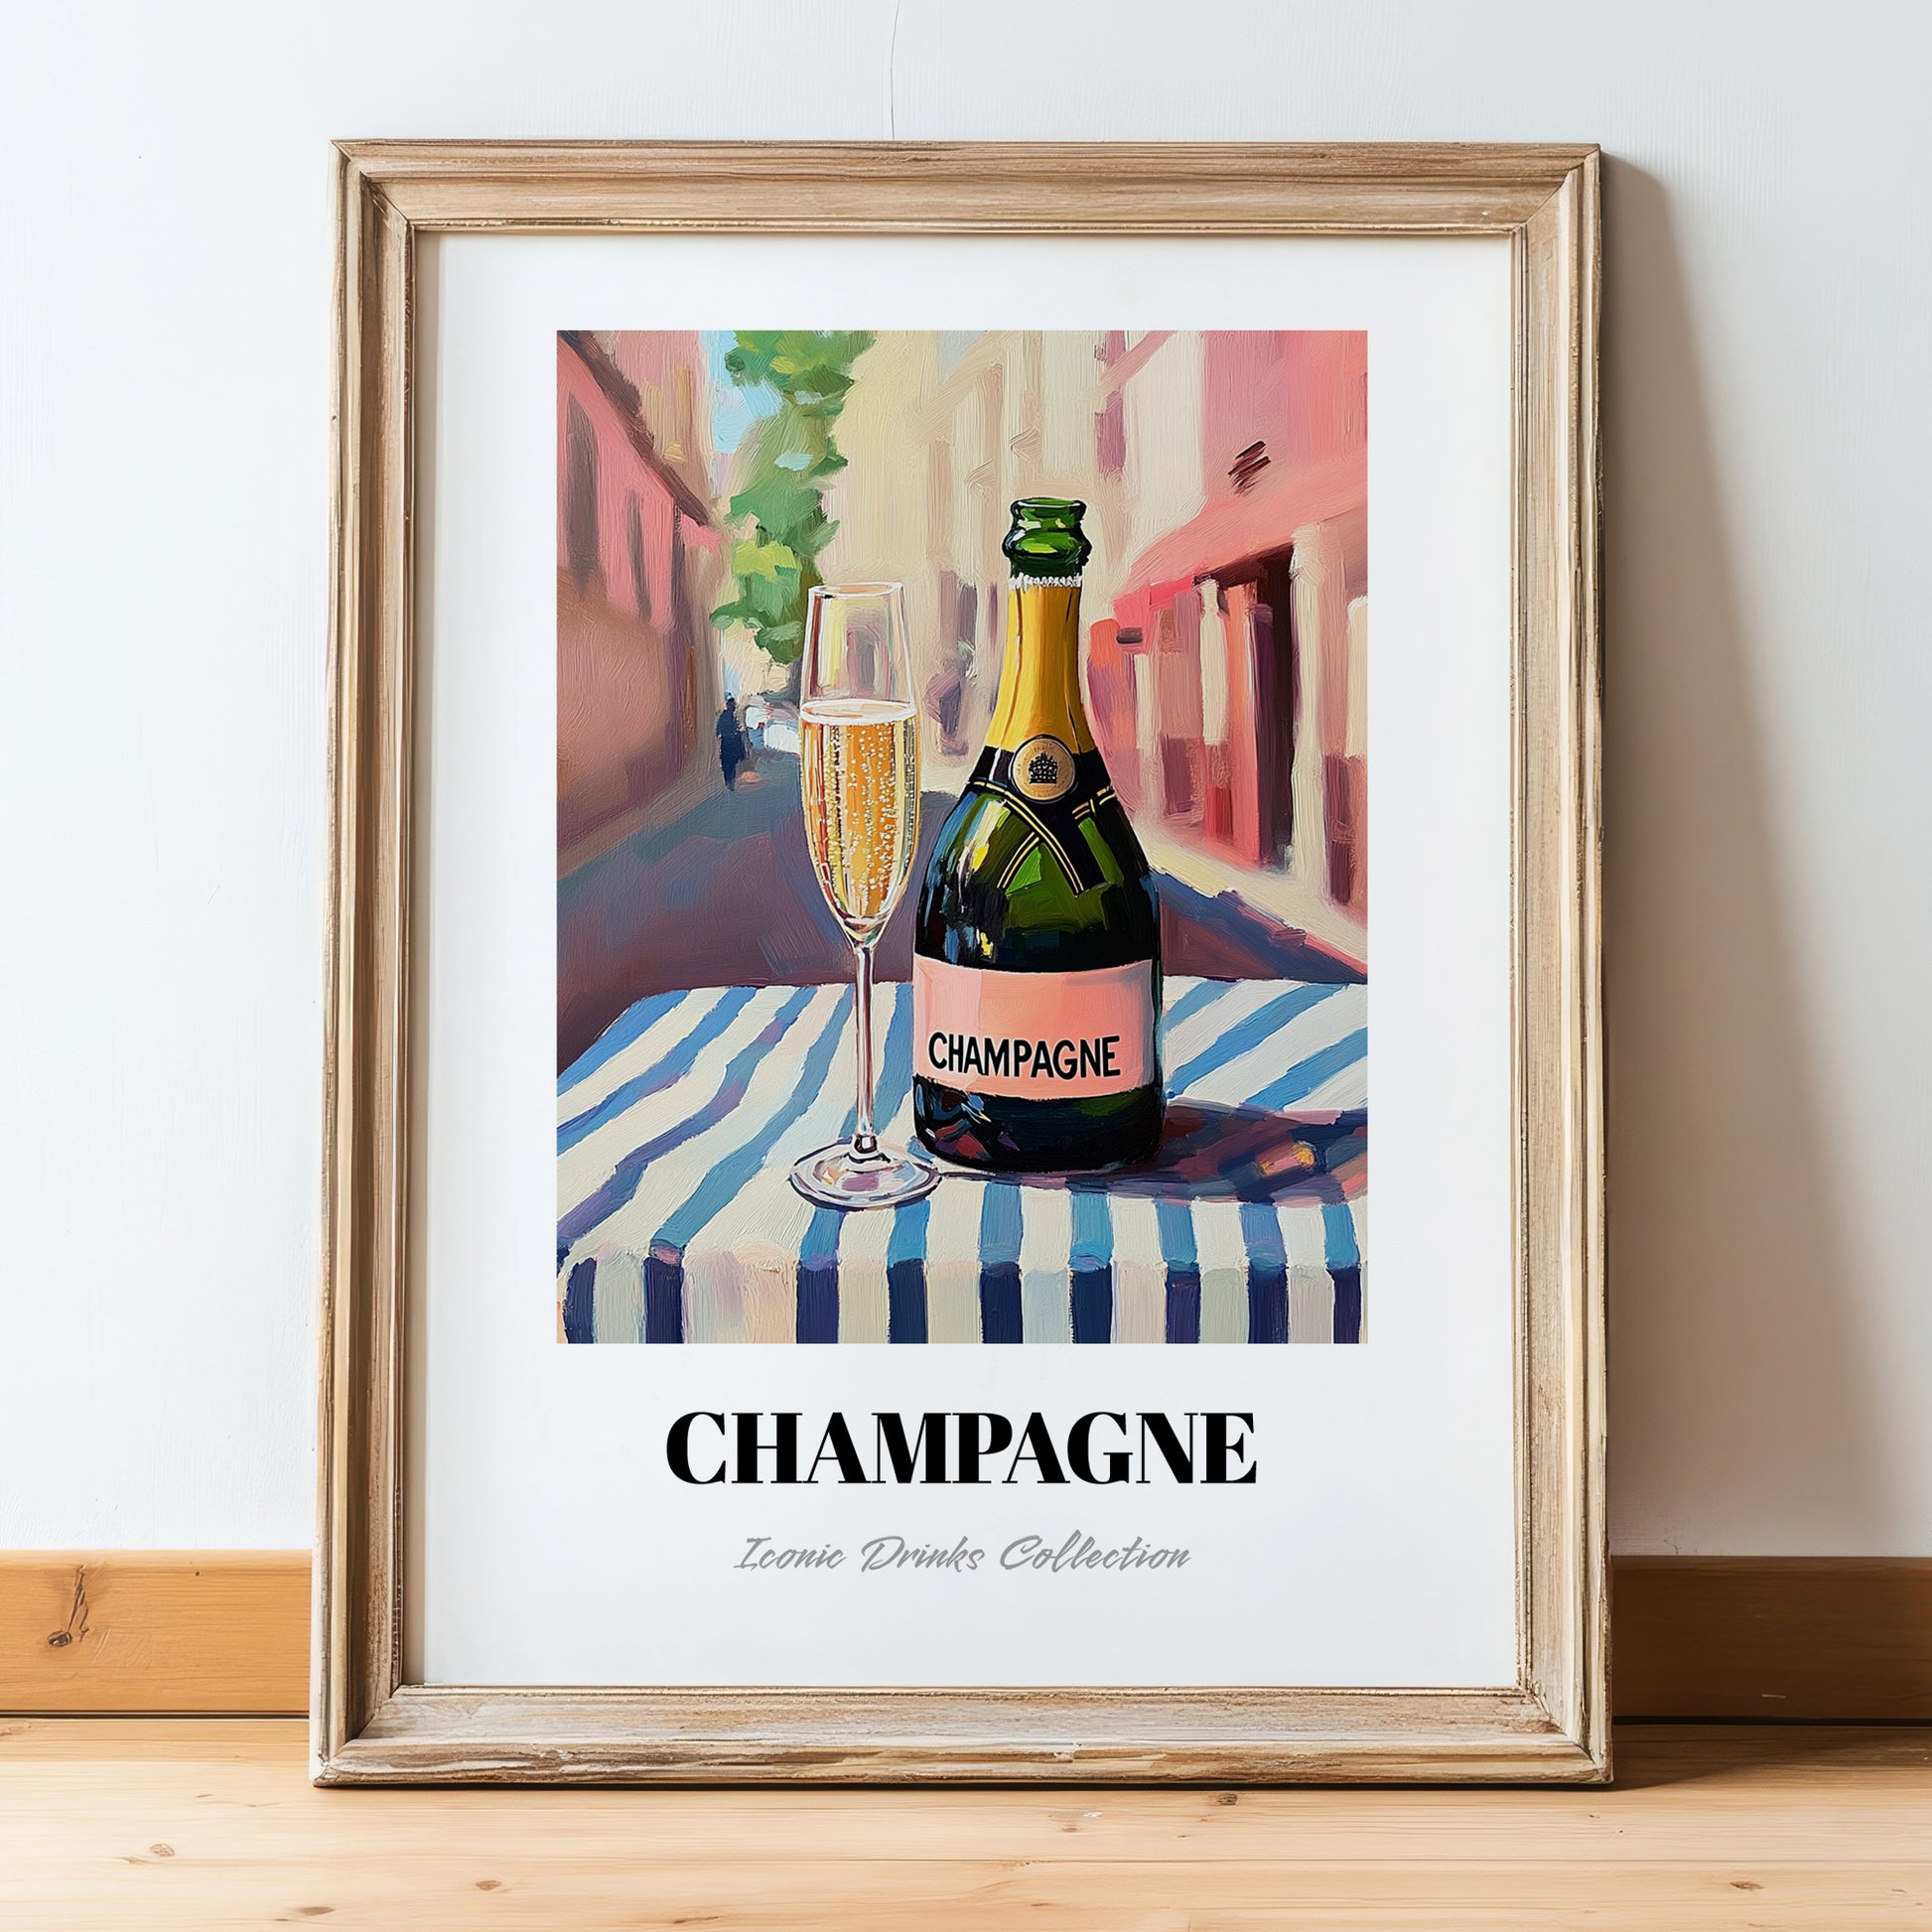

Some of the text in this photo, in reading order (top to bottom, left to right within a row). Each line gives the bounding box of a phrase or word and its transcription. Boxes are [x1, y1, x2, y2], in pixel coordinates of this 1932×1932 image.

[928, 1032, 1121, 1080] CHAMPAGNE
[666, 1412, 1257, 1484] CHAMPAGNE
[734, 1528, 1192, 1574] Iconic Drinks Collection
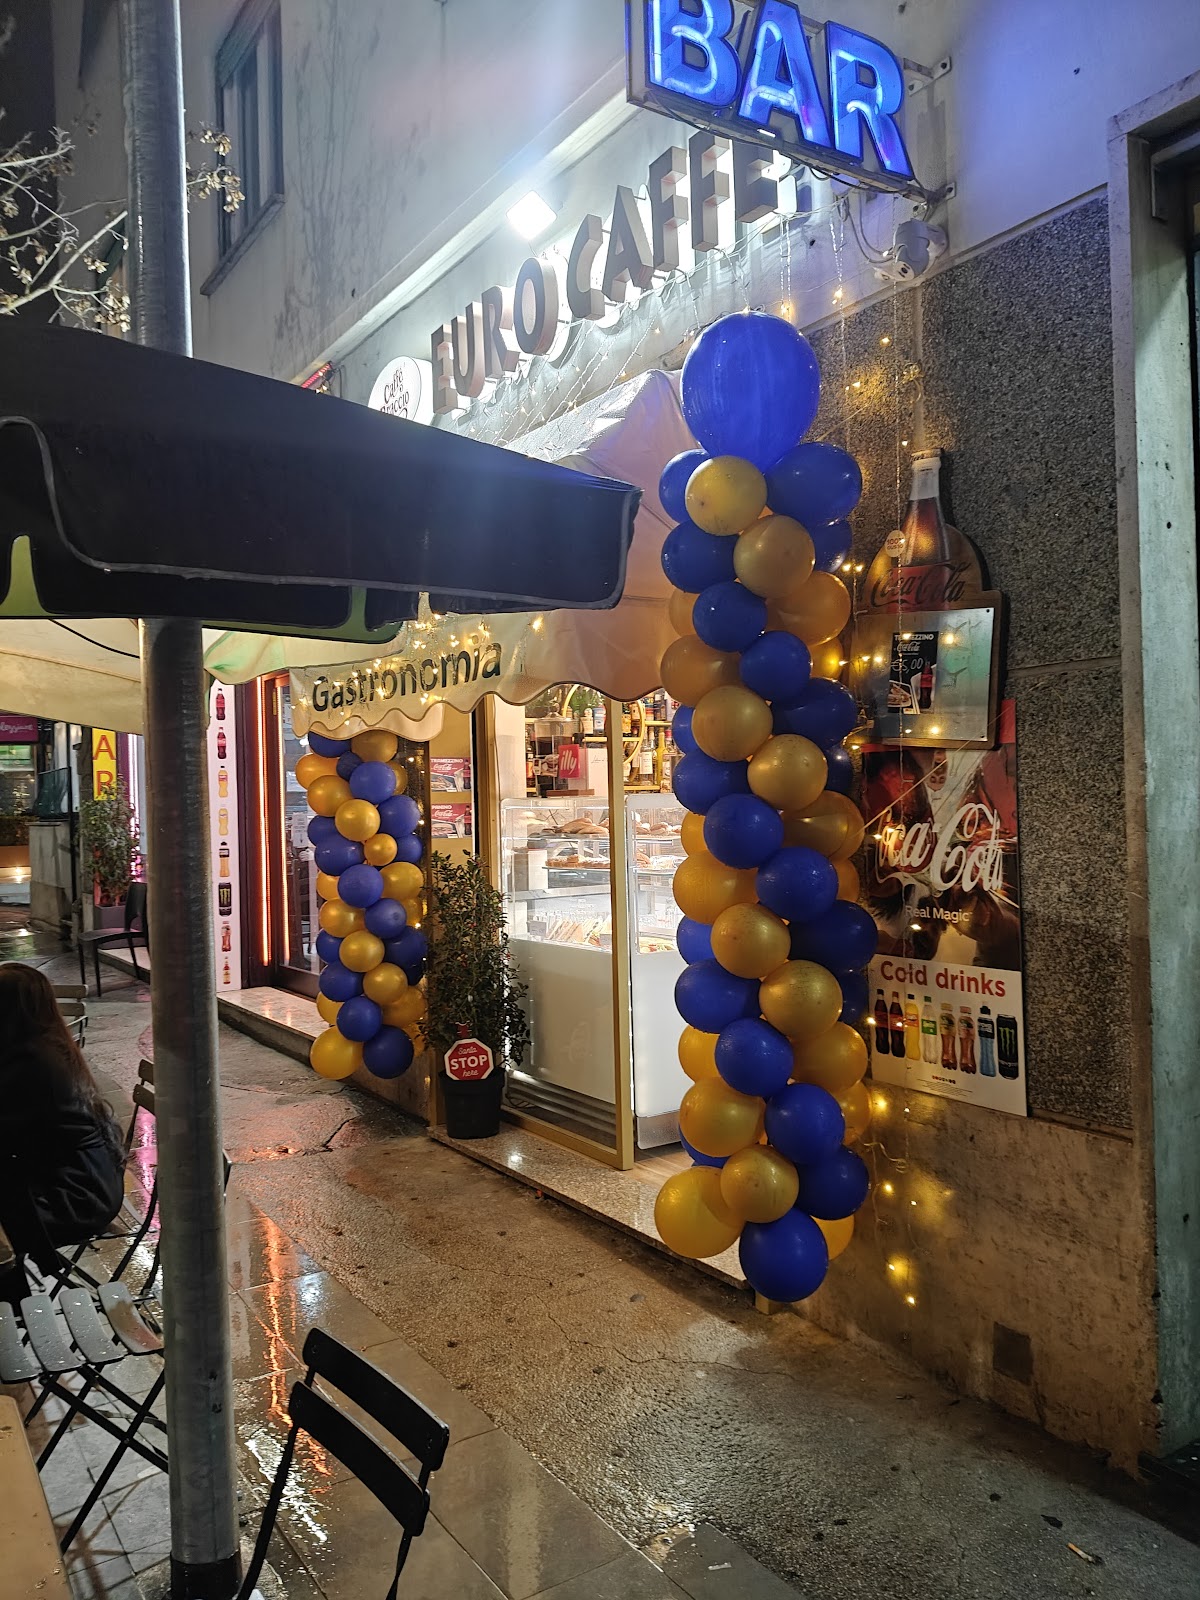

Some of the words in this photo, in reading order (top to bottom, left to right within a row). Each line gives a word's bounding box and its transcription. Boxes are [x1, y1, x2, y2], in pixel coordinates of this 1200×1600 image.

[645, 0, 915, 181] BAR
[431, 257, 559, 414] EURO
[312, 634, 502, 712] Gastronomia
[560, 750, 577, 774] illy
[905, 905, 930, 918] Real
[932, 907, 970, 923] Magic
[880, 960, 928, 987] Cold
[936, 967, 1007, 998] drinks
[450, 1054, 488, 1070] STOP
[458, 1046, 478, 1055] Santa
[462, 1069, 479, 1077] here
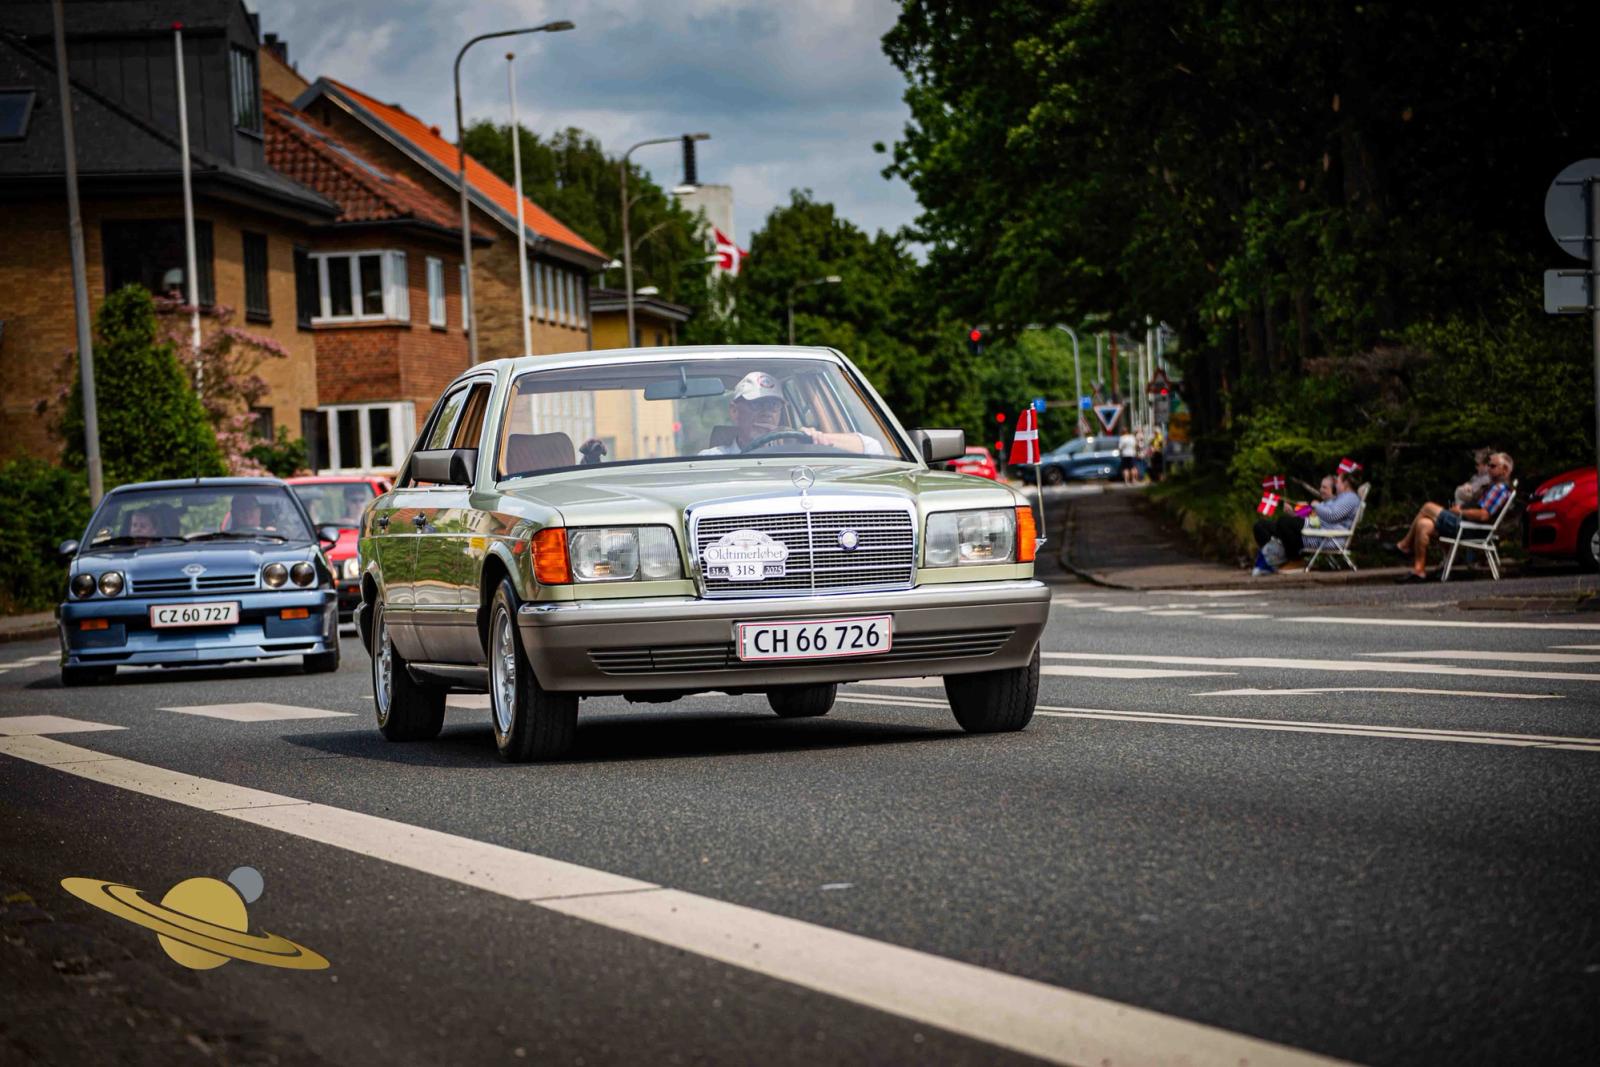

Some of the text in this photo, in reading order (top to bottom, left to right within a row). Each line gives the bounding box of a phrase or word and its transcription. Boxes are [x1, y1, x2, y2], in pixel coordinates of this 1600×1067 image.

■ **WHAT TO PRODUCE**
Set down every record once more, word for word, without pictures.

■ **TASK OUTPUT**
Some of the text in this photo, in reading order (top to bottom, left to right within a row). Each line gives the bounding box of a phrase or word and its transcription. Boxes are [x1, y1, x2, y2], in pixel coordinates of this 1932×1932 image.

[928, 1032, 1121, 1080] CHAMPAGNE
[666, 1412, 1257, 1484] CHAMPAGNE
[734, 1528, 1192, 1574] Iconic Drinks Collection

Some of the words in this photo, in reading order (top to bottom, left to right within a row). Each line gives a word's bounding box and its transcription. Boxes are [x1, y1, x2, y2], in pixel coordinates of this 1200×1600 image.

[645, 0, 915, 181] BAR
[431, 257, 559, 414] EURO
[312, 634, 502, 712] Gastronomia
[560, 750, 577, 774] illy
[905, 905, 930, 918] Real
[932, 907, 970, 923] Magic
[880, 960, 928, 987] Cold
[936, 967, 1007, 998] drinks
[450, 1054, 488, 1070] STOP
[458, 1046, 478, 1055] Santa
[462, 1069, 479, 1077] here

Some of the text in this photo, in reading order (top to bottom, left to right within a row). Each line gives the bounding box of a phrase or word and its transcription. Boxes are [x1, y1, x2, y2], in pixel coordinates of this 1600×1067 image.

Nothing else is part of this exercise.